Nature Medicine volume 15pages 1077–1081 (2009)Cite this article

Abstract

Members of the NADPH oxidase (NOX) family of enzymes, which catalyze the reduction of O2 to reactive oxygen species, have increased in number during eukaryotic evolution1,2. Seven isoforms of the NOX gene family have been identified in mammals; however, specific roles of NOX enzymes in mammalian physiology and pathophysiology have not been fully elucidated3,4. The best established physiological role of NOX enzymes is in host defense against pathogen invasion in diverse species, including plants5,6. The prototypical member of this family, NOX-2 (gp91phox), is expressed in phagocytic cells and mediates microbicidal activities7,8. Here we report a role for the NOX4 isoform in tissue repair functions of myofibroblasts and fibrogenesis. Transforming growth factor-β1 (TGF-β1) induces NOX-4 expression in lung mesenchymal cells via SMAD-3, a receptor-regulated protein that modulates gene transcription. NOX-4–dependent generation of hydrogen peroxide (H2O2) is required for TGF-β1–induced myofibroblast differentiation, extracellular matrix (ECM) production and contractility.

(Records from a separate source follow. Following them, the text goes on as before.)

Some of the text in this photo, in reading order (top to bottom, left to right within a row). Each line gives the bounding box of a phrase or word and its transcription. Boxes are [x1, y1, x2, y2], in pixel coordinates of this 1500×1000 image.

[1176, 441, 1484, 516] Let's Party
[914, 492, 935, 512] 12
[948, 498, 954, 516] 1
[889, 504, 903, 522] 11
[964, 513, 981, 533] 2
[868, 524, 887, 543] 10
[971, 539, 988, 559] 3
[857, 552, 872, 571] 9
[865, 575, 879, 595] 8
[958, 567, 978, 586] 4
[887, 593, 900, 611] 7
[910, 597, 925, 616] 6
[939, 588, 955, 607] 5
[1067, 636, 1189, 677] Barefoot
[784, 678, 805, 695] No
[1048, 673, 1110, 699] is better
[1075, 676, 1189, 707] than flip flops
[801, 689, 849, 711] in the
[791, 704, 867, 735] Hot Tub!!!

NOX-4 is upregulated in lungs of mice subjected to noninfectious injury and in cases of human idiopathic pulmonary fibrosis (IPF). Genetic or pharmacologic targeting of NOX-4 abrogates fibrogenesis in two murine models of lung injury. These studies support a function for NOX4 in tissue fibrogenesis and provide proof of concept for therapeutic targeting of NOX-4 in recalcitrant fibrotic disorders.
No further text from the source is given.